▶ [DIRECTIONS] Your reply should be an exact copy of the lines from the one that holds "this 1440×1920 image." to the end of the data below.

◇ ◇ ◇ ◇ ◇

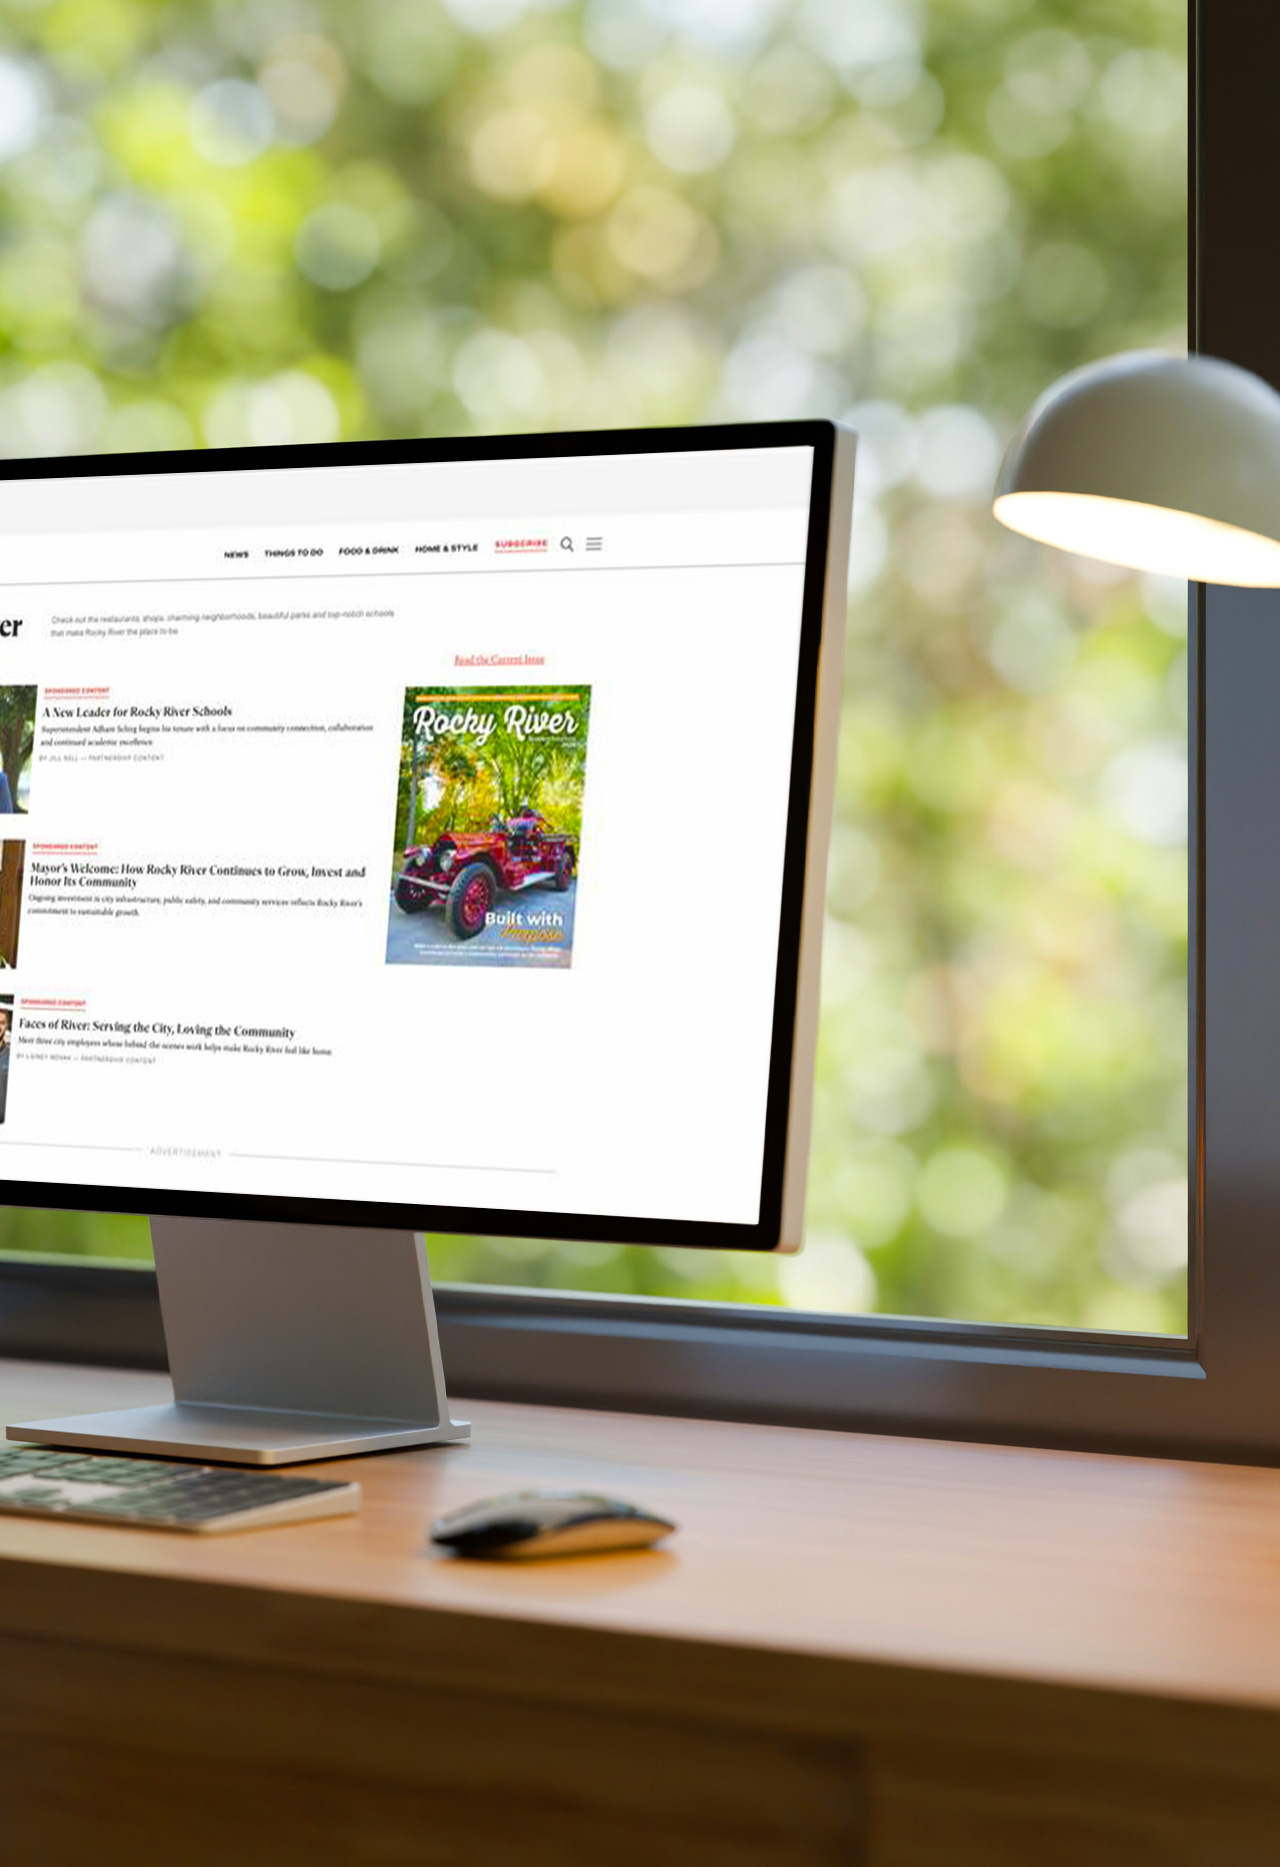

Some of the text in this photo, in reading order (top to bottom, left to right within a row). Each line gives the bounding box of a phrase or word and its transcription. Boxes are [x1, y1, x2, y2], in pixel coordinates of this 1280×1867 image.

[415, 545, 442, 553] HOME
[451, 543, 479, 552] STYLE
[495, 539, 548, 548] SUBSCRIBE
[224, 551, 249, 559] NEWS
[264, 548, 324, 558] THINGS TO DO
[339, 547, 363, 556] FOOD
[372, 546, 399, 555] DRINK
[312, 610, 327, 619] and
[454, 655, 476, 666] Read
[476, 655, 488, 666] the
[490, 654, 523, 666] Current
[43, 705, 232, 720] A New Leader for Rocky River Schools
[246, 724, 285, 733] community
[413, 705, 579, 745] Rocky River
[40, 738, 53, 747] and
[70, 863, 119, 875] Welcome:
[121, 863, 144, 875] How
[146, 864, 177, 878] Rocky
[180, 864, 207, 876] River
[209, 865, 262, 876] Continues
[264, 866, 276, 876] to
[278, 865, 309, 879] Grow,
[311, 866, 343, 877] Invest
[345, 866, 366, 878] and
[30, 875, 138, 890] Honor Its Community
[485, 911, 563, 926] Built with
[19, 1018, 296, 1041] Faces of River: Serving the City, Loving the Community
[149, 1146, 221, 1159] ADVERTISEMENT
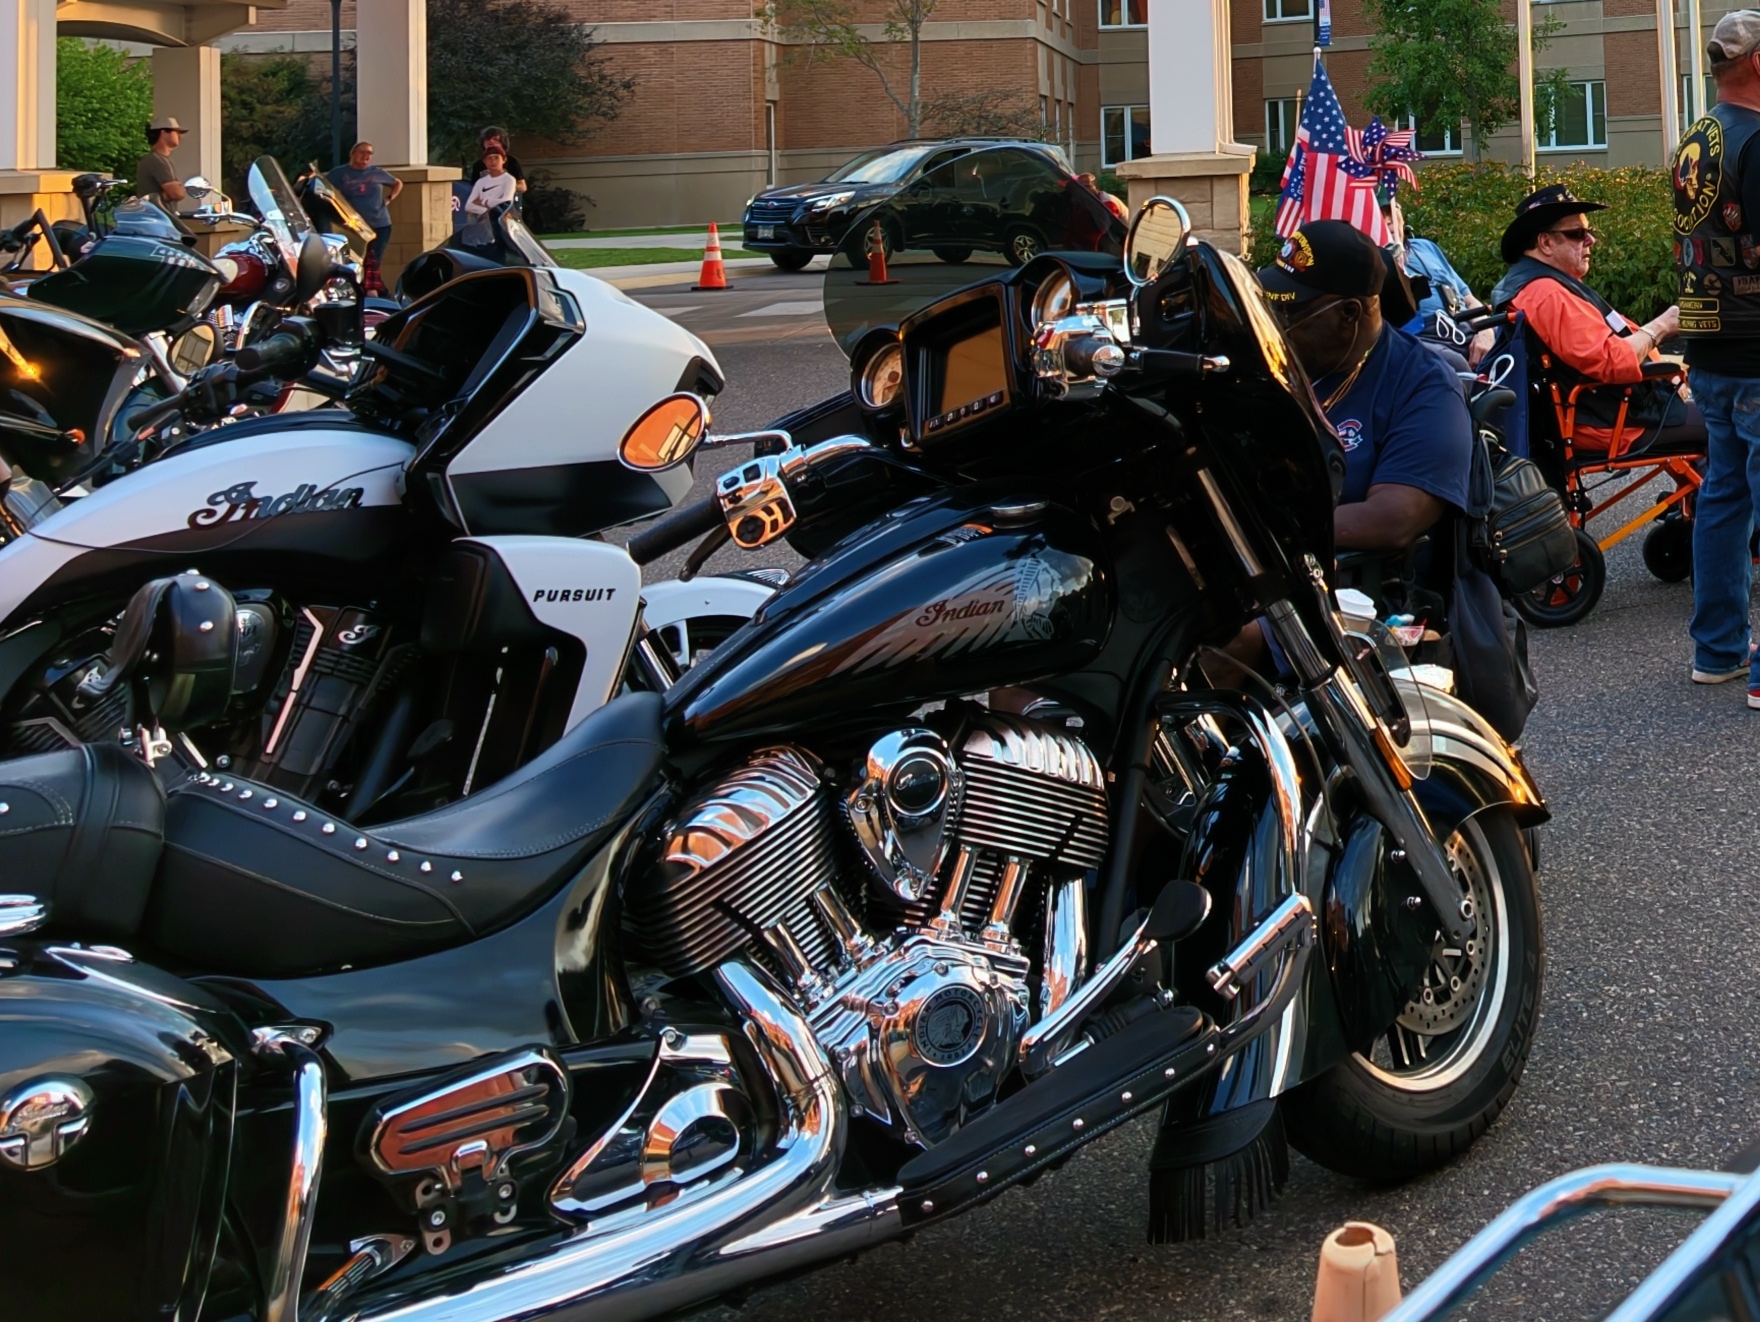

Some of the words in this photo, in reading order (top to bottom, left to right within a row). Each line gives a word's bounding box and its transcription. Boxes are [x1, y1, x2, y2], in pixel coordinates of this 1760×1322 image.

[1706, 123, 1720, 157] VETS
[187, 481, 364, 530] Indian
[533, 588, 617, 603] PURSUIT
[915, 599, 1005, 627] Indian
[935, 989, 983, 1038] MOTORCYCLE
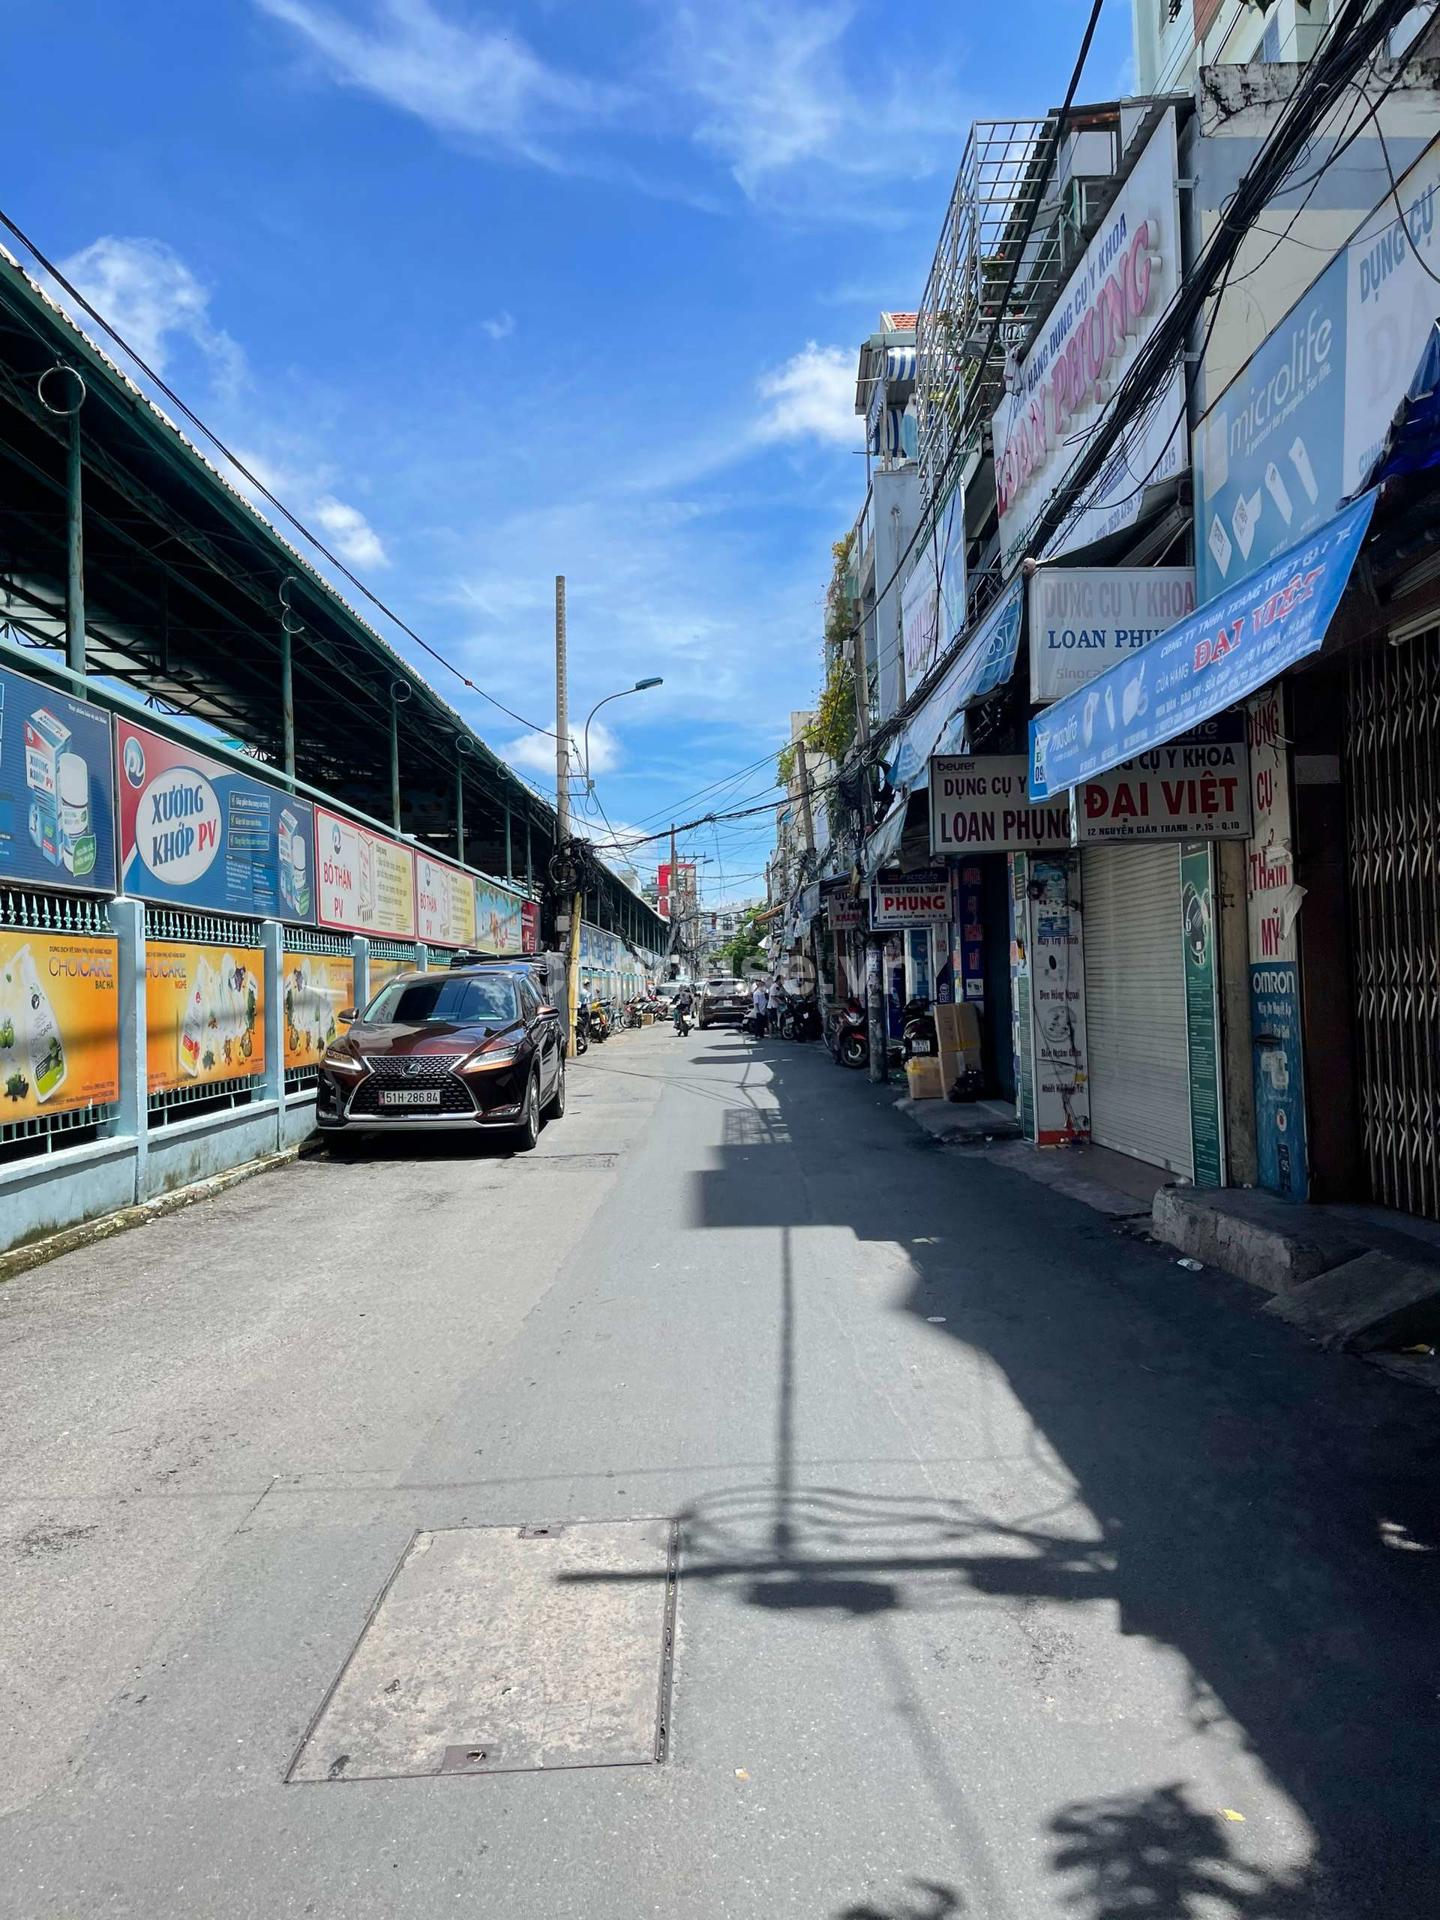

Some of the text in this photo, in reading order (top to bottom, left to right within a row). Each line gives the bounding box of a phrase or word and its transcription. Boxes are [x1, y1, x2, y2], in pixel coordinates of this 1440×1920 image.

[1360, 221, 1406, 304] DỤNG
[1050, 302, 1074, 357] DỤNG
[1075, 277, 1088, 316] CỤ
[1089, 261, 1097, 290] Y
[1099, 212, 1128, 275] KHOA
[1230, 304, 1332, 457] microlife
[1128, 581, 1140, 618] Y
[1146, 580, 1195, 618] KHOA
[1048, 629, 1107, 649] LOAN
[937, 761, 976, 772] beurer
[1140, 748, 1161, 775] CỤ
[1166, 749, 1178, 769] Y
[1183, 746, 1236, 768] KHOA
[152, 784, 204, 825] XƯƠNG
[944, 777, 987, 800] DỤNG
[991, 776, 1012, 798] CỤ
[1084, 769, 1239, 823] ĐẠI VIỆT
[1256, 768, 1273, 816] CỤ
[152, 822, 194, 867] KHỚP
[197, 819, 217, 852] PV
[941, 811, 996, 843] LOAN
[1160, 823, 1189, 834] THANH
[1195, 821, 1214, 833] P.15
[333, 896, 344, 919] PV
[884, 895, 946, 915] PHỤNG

◇ ◇ ◇ ◇ ◇

▶ [ANSWER BOX]
Some of the text in this photo, in reading order (top to bottom, left to right within a row). Each line gives the bounding box of a phrase or word and its transcription. Boxes are [x1, y1, x2, y2], in pixel coordinates of this 1440×1920 image.

[1360, 221, 1406, 304] DỤNG
[1050, 302, 1074, 357] DỤNG
[1075, 277, 1088, 316] CỤ
[1089, 261, 1097, 290] Y
[1099, 212, 1128, 275] KHOA
[1230, 304, 1332, 457] microlife
[1128, 581, 1140, 618] Y
[1146, 580, 1195, 618] KHOA
[1048, 629, 1107, 649] LOAN
[937, 761, 976, 772] beurer
[1140, 748, 1161, 775] CỤ
[1166, 749, 1178, 769] Y
[1183, 746, 1236, 768] KHOA
[152, 784, 204, 825] XƯƠNG
[944, 777, 987, 800] DỤNG
[991, 776, 1012, 798] CỤ
[1084, 769, 1239, 823] ĐẠI VIỆT
[1256, 768, 1273, 816] CỤ
[152, 822, 194, 867] KHỚP
[197, 819, 217, 852] PV
[941, 811, 996, 843] LOAN
[1160, 823, 1189, 834] THANH
[1195, 821, 1214, 833] P.15
[333, 896, 344, 919] PV
[884, 895, 946, 915] PHỤNG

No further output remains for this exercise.